* _What needs to be done_
Copy every record word for word.

(Data records)
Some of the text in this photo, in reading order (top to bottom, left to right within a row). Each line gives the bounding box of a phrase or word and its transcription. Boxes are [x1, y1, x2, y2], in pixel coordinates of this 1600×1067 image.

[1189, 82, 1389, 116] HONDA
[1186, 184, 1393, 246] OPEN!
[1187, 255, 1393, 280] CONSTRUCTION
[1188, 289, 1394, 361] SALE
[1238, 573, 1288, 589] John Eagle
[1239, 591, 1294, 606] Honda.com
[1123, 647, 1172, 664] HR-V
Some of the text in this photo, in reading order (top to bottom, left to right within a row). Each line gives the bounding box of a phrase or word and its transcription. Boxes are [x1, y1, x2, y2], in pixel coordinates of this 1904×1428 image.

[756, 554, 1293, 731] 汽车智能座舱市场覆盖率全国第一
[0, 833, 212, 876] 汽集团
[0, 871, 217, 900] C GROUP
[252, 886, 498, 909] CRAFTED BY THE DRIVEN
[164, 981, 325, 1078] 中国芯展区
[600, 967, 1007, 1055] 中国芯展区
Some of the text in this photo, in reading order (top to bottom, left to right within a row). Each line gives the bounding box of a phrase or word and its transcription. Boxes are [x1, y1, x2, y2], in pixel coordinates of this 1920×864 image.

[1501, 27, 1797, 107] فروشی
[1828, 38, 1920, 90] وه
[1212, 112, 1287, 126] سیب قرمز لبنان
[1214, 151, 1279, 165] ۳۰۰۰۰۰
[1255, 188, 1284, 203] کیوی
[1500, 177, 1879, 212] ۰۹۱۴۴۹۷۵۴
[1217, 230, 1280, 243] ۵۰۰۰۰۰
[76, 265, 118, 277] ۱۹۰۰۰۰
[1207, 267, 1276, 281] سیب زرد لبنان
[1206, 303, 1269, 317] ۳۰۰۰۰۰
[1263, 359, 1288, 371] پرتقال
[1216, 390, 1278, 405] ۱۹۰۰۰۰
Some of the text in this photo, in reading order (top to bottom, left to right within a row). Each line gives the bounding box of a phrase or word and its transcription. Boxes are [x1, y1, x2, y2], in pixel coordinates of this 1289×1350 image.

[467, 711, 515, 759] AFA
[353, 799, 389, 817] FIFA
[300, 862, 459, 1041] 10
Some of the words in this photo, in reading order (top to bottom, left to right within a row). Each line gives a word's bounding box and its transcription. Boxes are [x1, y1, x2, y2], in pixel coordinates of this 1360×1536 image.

* _Exercise output_
Some of the text in this photo, in reading order (top to bottom, left to right within a row). Each line gives the bounding box of a phrase or word and its transcription. Boxes are [x1, y1, x2, y2], in pixel coordinates of this 1600×1067 image.

[1189, 82, 1389, 116] HONDA
[1186, 184, 1393, 246] OPEN!
[1187, 255, 1393, 280] CONSTRUCTION
[1188, 289, 1394, 361] SALE
[1238, 573, 1288, 589] John Eagle
[1239, 591, 1294, 606] Honda.com
[1123, 647, 1172, 664] HR-V
Some of the text in this photo, in reading order (top to bottom, left to right within a row). Each line gives the bounding box of a phrase or word and its transcription. Boxes are [x1, y1, x2, y2], in pixel coordinates of this 1904×1428 image.

[756, 554, 1293, 731] 汽车智能座舱市场覆盖率全国第一
[0, 833, 212, 876] 汽集团
[0, 871, 217, 900] C GROUP
[252, 886, 498, 909] CRAFTED BY THE DRIVEN
[164, 981, 325, 1078] 中国芯展区
[600, 967, 1007, 1055] 中国芯展区
Some of the text in this photo, in reading order (top to bottom, left to right within a row). Each line gives the bounding box of a phrase or word and its transcription. Boxes are [x1, y1, x2, y2], in pixel coordinates of this 1920×864 image.

[1501, 27, 1797, 107] فروشی
[1828, 38, 1920, 90] وه
[1212, 112, 1287, 126] سیب قرمز لبنان
[1214, 151, 1279, 165] ۳۰۰۰۰۰
[1255, 188, 1284, 203] کیوی
[1500, 177, 1879, 212] ۰۹۱۴۴۹۷۵۴
[1217, 230, 1280, 243] ۵۰۰۰۰۰
[76, 265, 118, 277] ۱۹۰۰۰۰
[1207, 267, 1276, 281] سیب زرد لبنان
[1206, 303, 1269, 317] ۳۰۰۰۰۰
[1263, 359, 1288, 371] پرتقال
[1216, 390, 1278, 405] ۱۹۰۰۰۰
Some of the text in this photo, in reading order (top to bottom, left to right within a row). Each line gives the bounding box of a phrase or word and its transcription. Boxes are [x1, y1, x2, y2], in pixel coordinates of this 1289×1350 image.

[467, 711, 515, 759] AFA
[353, 799, 389, 817] FIFA
[300, 862, 459, 1041] 10
Some of the words in this photo, in reading order (top to bottom, left to right within a row). Each line gives a word's bounding box and its transcription. Boxes are [x1, y1, x2, y2], in pixel coordinates of this 1360×1536 image.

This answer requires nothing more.